Hoodsquare: Modeling and Recommending Neighborhoods in Location-based Social Networks
Amy X. Zhang, Anastasios Noulas, Salvatore Scellato, Cecilia Mascolo

TL;DR
Hoodsquare is a data-driven tool that models urban neighborhoods using social network check-in data and semantic information, enabling accurate neighborhood detection and personalized location recommendations.
Contribution
This work introduces a novel neighborhood detection algorithm and a map-based tool, Hoodsquare, integrating spatio-temporal and semantic data for urban analysis and recommendations.
Findings
Accurately predicts users' home neighborhoods from social check-in data.
Effectively suggests geographically constrained neighborhoods for mobile recommendations.

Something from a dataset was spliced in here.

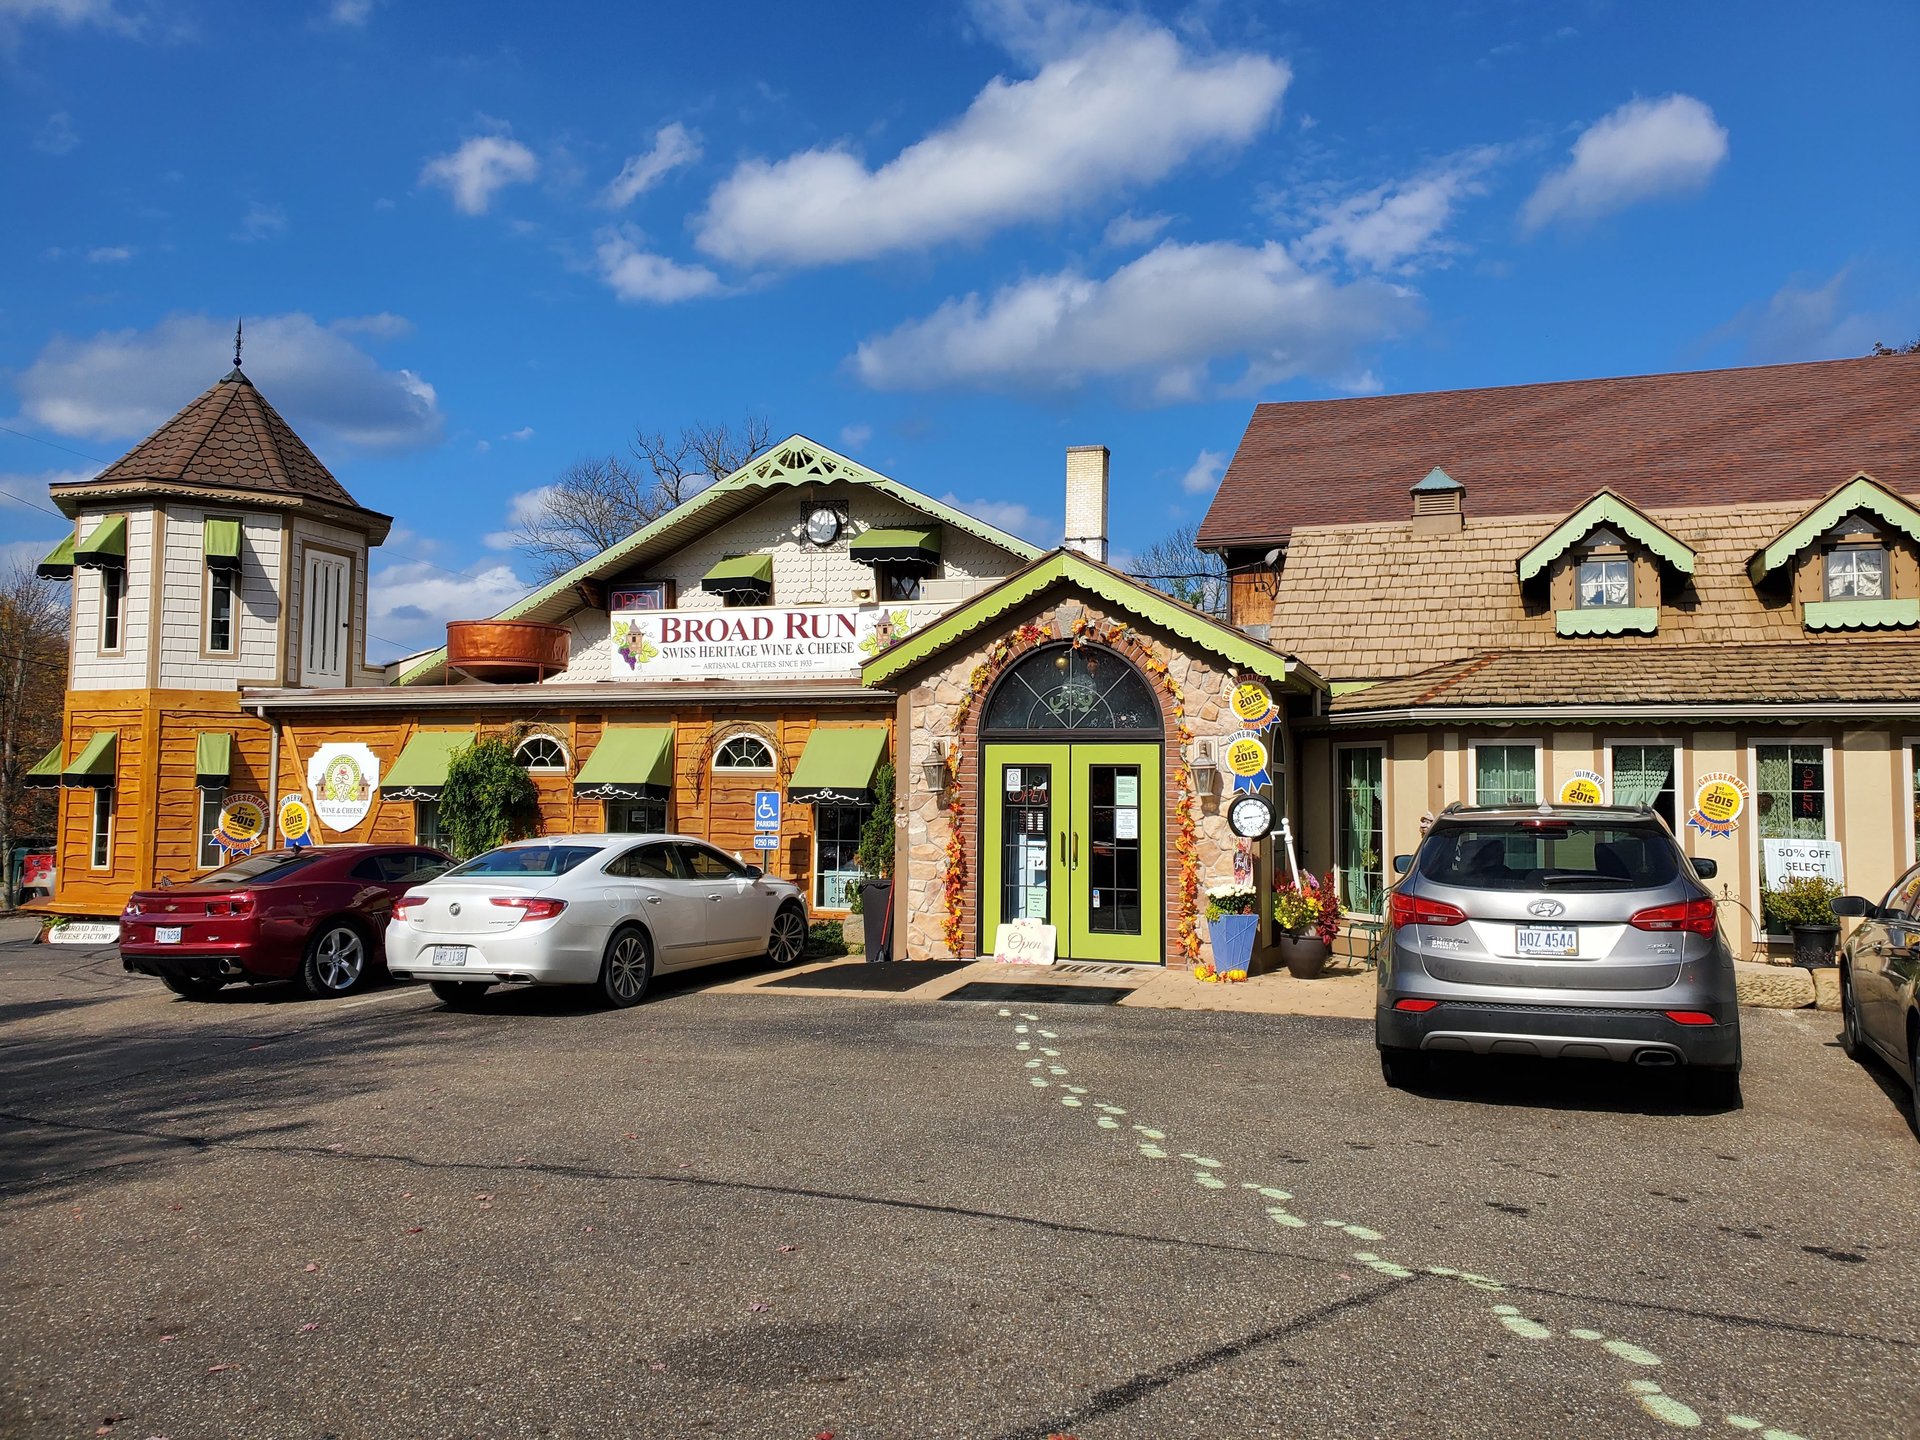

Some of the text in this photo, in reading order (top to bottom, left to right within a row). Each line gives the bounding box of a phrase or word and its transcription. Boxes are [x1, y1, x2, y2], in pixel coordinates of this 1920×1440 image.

Demonstrates improved neighborhood detection compared to baselines.
Abstract
Information garnered from activity on location-based social networks can be harnessed to characterize urban spaces and organize them into neighborhoods. In this work, we adopt a data-driven approach to the identification and modeling of urban neighborhoods using location-based social networks. We represent geographic points in the city using spatio-temporal information about Foursquare user check-ins and semantic information about places, with the goal of developing features to input into a novel neighborhood detection algorithm. The algorithm first employs a similarity metric that assesses the homogeneity of a geographic area, and then with a simple mechanism of geographic navigation, it detects the boundaries of a city's neighborhoods. The models and algorithms devised are subsequently integrated into a publicly available, map-based tool named Hoodsquare that allows users to explore…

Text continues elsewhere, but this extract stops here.